Routing security is often treated as a theoretical exercise, but the reality is that the internet's backbone relies on fragile, complex software that rarely gets the scrutiny it deserves. Resource Public Key Infrastructure (RPKI) is the primary mechanism we use to prevent BGP hijacking, yet the software responsible for validating these cryptographic objects has been operating with significant, unpatched security debt. Recent research presented at Black Hat 2024 proves that the "glue" holding our routing security together is surprisingly easy to break.
The Fuzzing Challenge: Why RPKI is Hard to Test
RPKI relies on ASN.1 and X.509 certificate formats, which are notoriously difficult to parse correctly. Most developers building relying party software—the engines that download and validate these objects—have focused on performance and protocol compliance rather than adversarial robustness.
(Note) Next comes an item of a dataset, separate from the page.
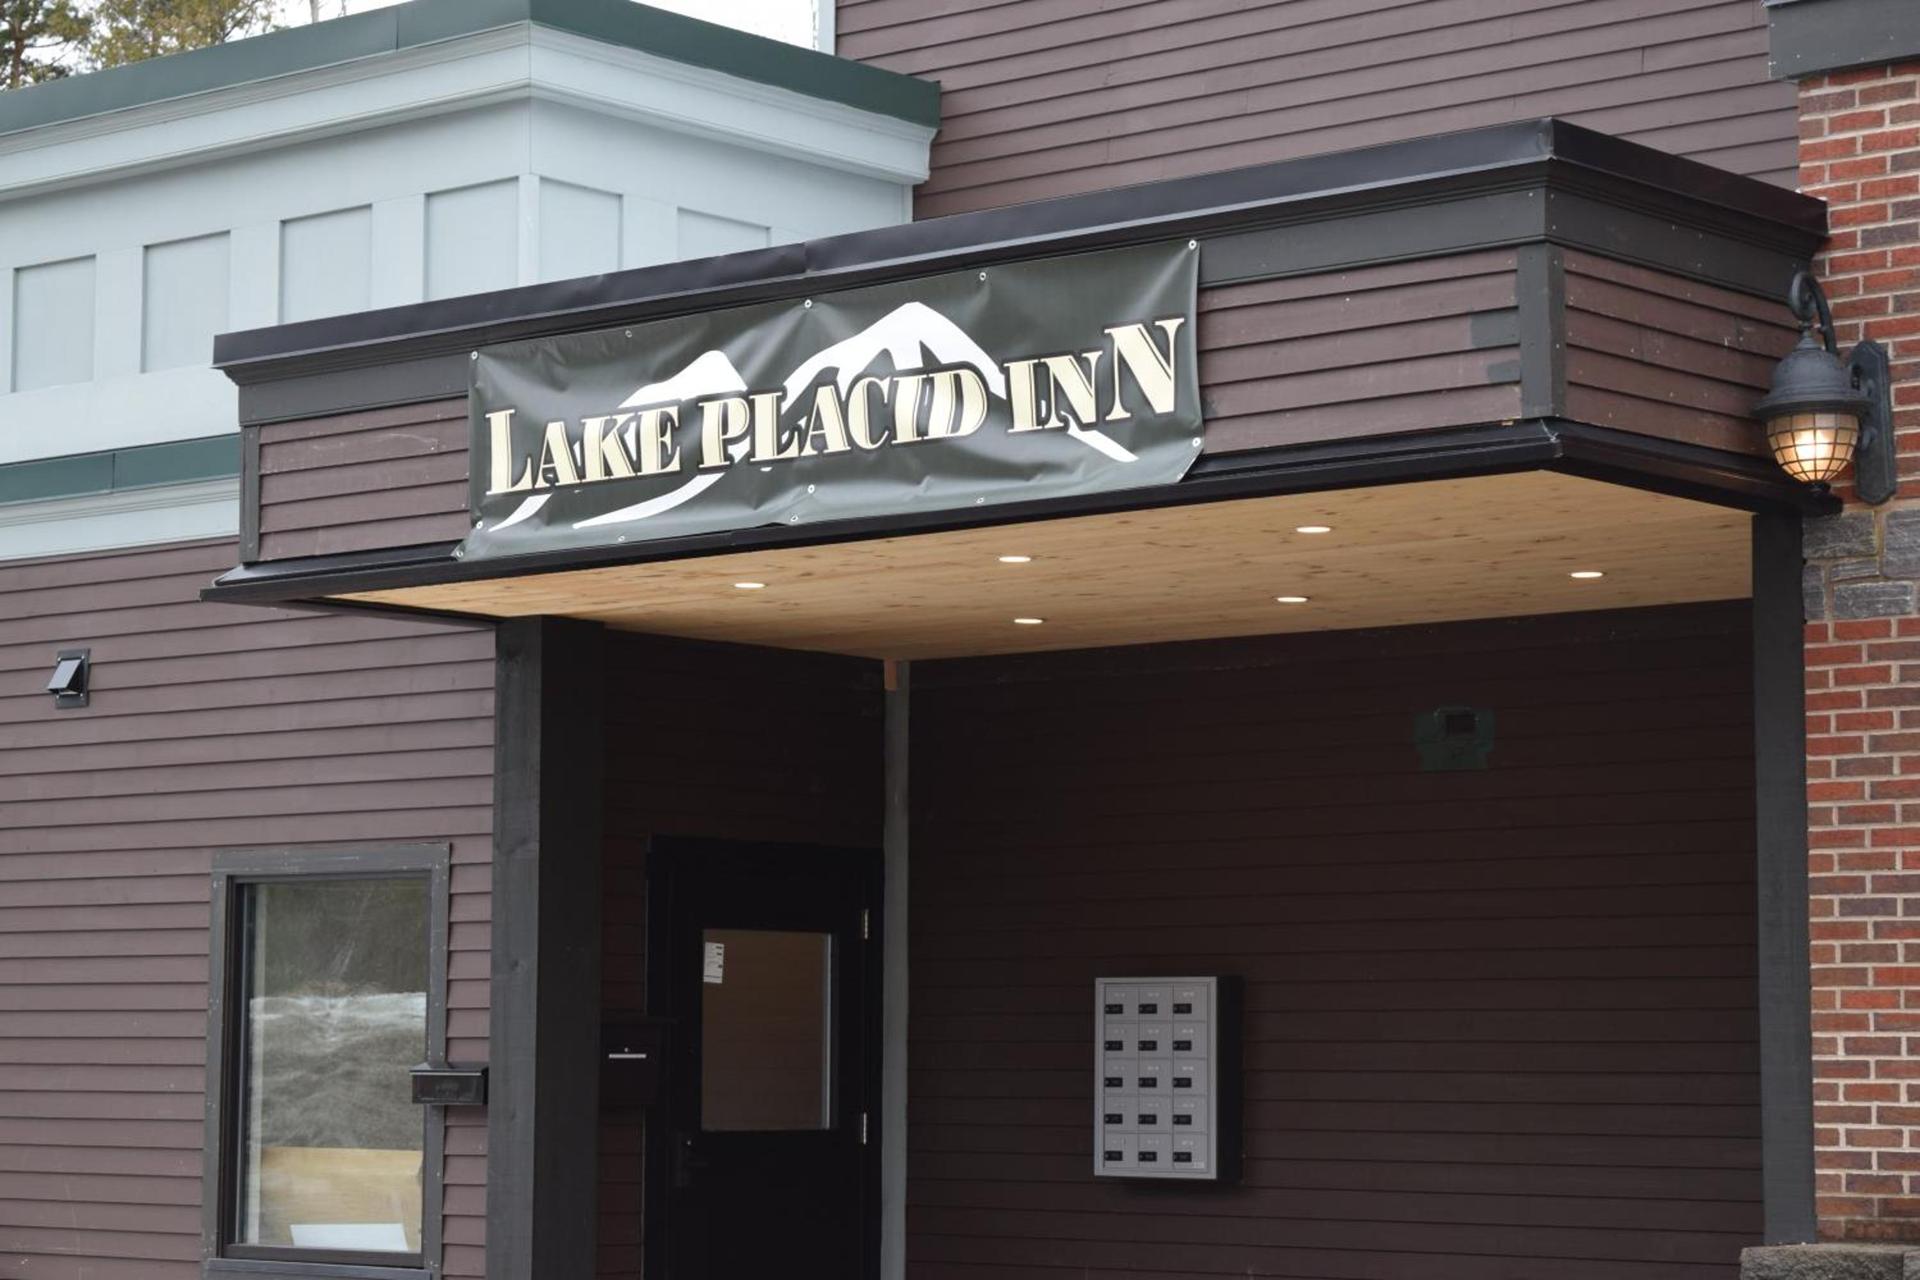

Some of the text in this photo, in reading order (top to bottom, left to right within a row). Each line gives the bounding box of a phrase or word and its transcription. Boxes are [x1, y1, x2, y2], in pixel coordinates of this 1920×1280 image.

[484, 317, 1187, 495] LAKE PLACID INN
Standard fuzzers fail here because they lack the context to generate valid, cryptographically signed RPKI objects. If you just throw random bytes at a parser, it will reject the input at the first validation check, never reaching the deep logic where the most interesting memory corruption bugs hide. The researchers behind this work built CURE, a fuzzer specifically designed to understand the structure of RPKI objects. CURE doesn't just mutate bytes; it understands the schema, allowing it to generate malformed objects that pass initial validation but trigger edge-case logic errors, memory leaks, or crashes deep within the parsing stack.
From Path Traversal to Denial of Service
The most severe finding was a path traversal vulnerability in Routinator, tracked as CVE-2023-39916. This vulnerability is a classic example of why input validation is non-negotiable. By crafting a malicious RPKI object, an attacker could force the software to write files outside of its intended directory or manipulate internal data structures.
Beyond path traversal, the researchers found a consistent pattern of denial-of-service (DoS) vulnerabilities across multiple implementations, including OctoRPKI and Fort. The attack flow is straightforward:
- The fuzzer generates an object that triggers an unhandled exception or an out-of-bounds memory access.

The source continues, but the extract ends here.